Thanks @mgloria! I took a look at the link, all looked swell except I accidentally started modifying without a copy :sad: my apologies

I loved the method, it looked perfect. I am trying to currently figure out a way we can do this modularly with any type of training (though this is harder, may not be worth it, but I’m trying atleast lol)

Here is what I have so far:

class StratifiedFit:
  def __init__(self, train_data:DataBunch, test_data:DataBunch, n_folds:int=10, epochs:int=1, 
               bs:int=64, callback_fns:list=[]):
    self.path, train = data.path, data.train_ds
    self.bs, self.num_epochs, self.path, self.callback_fns = bs, epochs, path, callback_fns
    self.train_items, self.val_items = train.x.items, train.y.items
    self.processor= test_data.processor
    
    self.skf = StratifiedKFold(n_splits=n_folds, shuffle=True, random_state=1)
    self.val_loss, self.acc, self.final_results = self.__make_dfs__(n_folds)
    self.test_data = test_data.valid_dl
    
    self.fit()    
    self._ret_results()
    
  def fit(self):
    "Generates our fold and sends it for training"
    for i, (_, val_idx) in enumerate(self.skf.split(self.train_items, self.val_items)):
      data_fold = (ImageList.from_folder(path)
                  .split_by_idx(val_idx)
                  .label_from_folder()
                  .transform(get_transforms(), size=112)
                  .databunch(bs=self.bs))
      learn = cnn_learner(data_fold, models.resnet18, metrics=accuracy, callback_fns=self.callback_fns)
      self.__train__(learn, self.num_epochs, i)
      
  
  def __chain__(self, o): return itertools.chain.from_iterable(o)
  
  def _ret_results(self): return self.val_loss, self.acc, self.final_results
    
  def __make_dfs__(self, n_folds:int):
    "Make three dataframes for accuracy and loss per epoch, and an overall results"
    cols = []
    [cols.append(f'fold_{f}') for f in range(1, n_folds+1)];
    val_loss = pd.DataFrame(columns=cols)
    acc = val_loss.copy()
    cols = ['fold', 'valid_accuracy', 'test_accuracy']
    final_results = pd.DataFrame(columns=cols)
    return val_loss, acc, final_results
      
  def __train__(self, learn:Learner, n_epochs:int, fold:int):
    "Train a fold"
    print(f'fold_{fold+1}:')
    learn.fit_one_cycle(n_epochs)
    print('\n')
    self.acc.iloc[:, fold] = [e.item() for e in self.__chain__(learn.recorder.metrics)]
    self.val_loss.iloc[:, fold] = learn.recorder.val_losses
    
    acc, loss = self.__test__(learn)
    self.final_results.append([fold+1, acc, loss])
    
  def __test__(self, learn:Learner):
    "Get test results on a fold"
    learn.data.valid_dl = self.test_data
    return learn.validate()

If you want to include callbacks here, now you can pass in callback_fns

I have a few more ideas to simplify this so it’s nowhere near done

*It may not quite work, don’t have time to revisit this and modify until tonight

Awesome @muellerzr!
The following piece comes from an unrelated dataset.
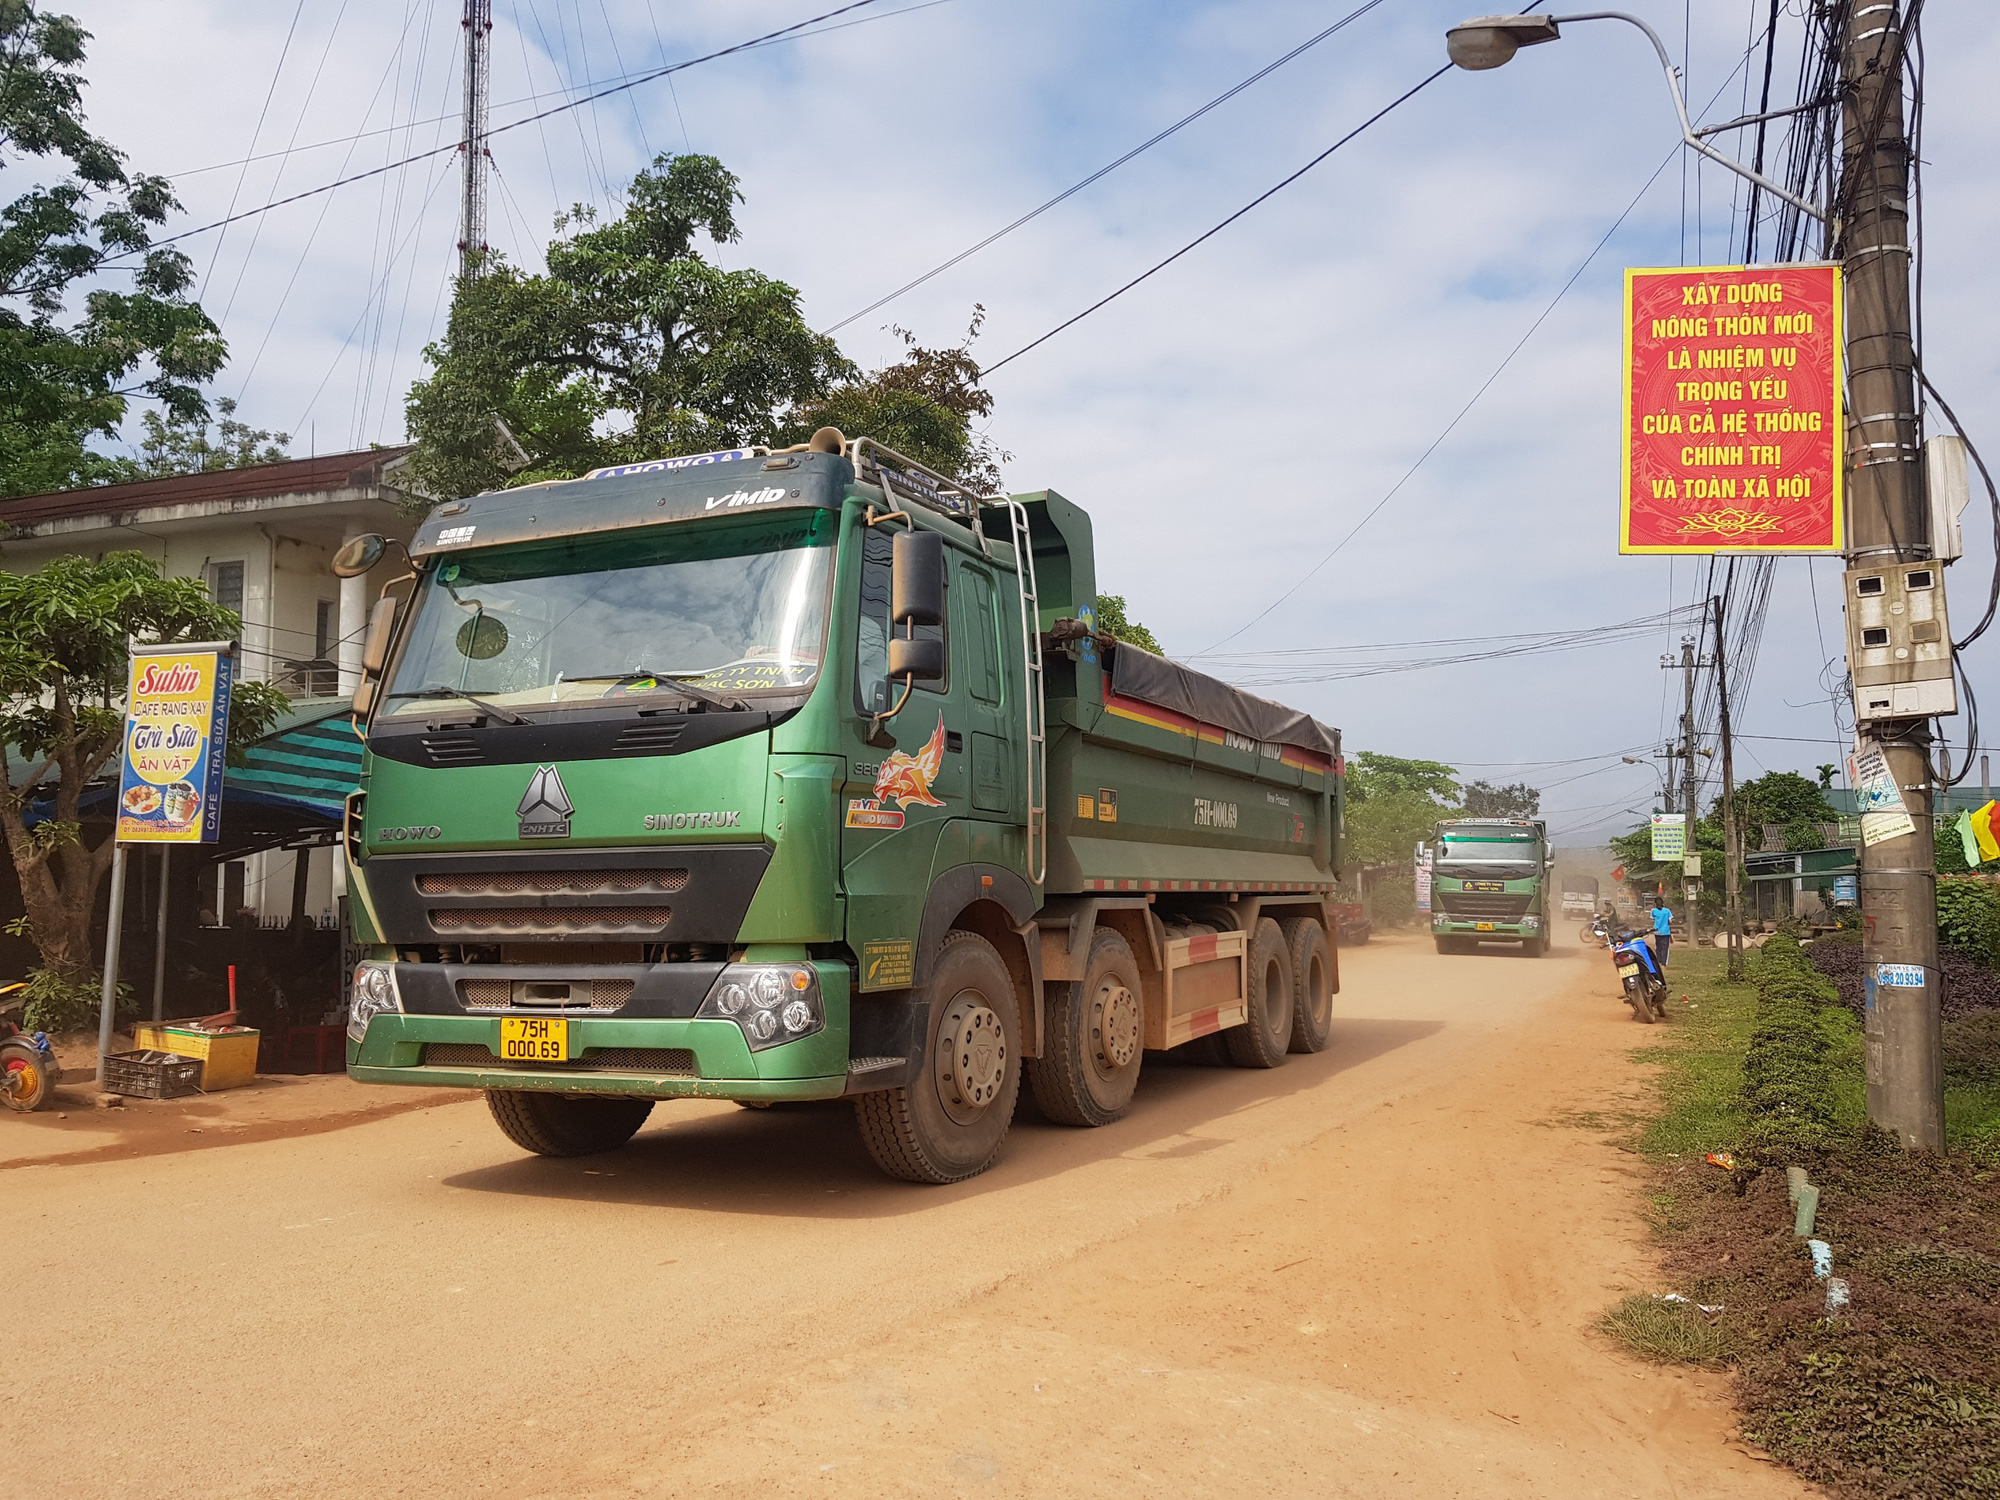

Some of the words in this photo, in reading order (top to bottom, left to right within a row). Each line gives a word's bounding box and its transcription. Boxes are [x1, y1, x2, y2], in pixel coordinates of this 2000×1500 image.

Could you add an example of how to call it e.g. for our image problem? I always get a bit confused when classes are used… need to work on it :nerd_face:

In any case, I realized the code breaks if more than one metric is passed e.g. accuracy and f1, which is a very realistic situation. Hence, I modified it in the following way and now it works.

In addition, it concerns me a bit the fact that the results are not reproducible despite me trying to set a seed (see also my experiment at the end of collab nb).

Have you tried if callbacks work? I somehow feel we should work first on reproducibility and callbacks to customize the training before moving to a modular example which, by the way, I think is a terrific idea!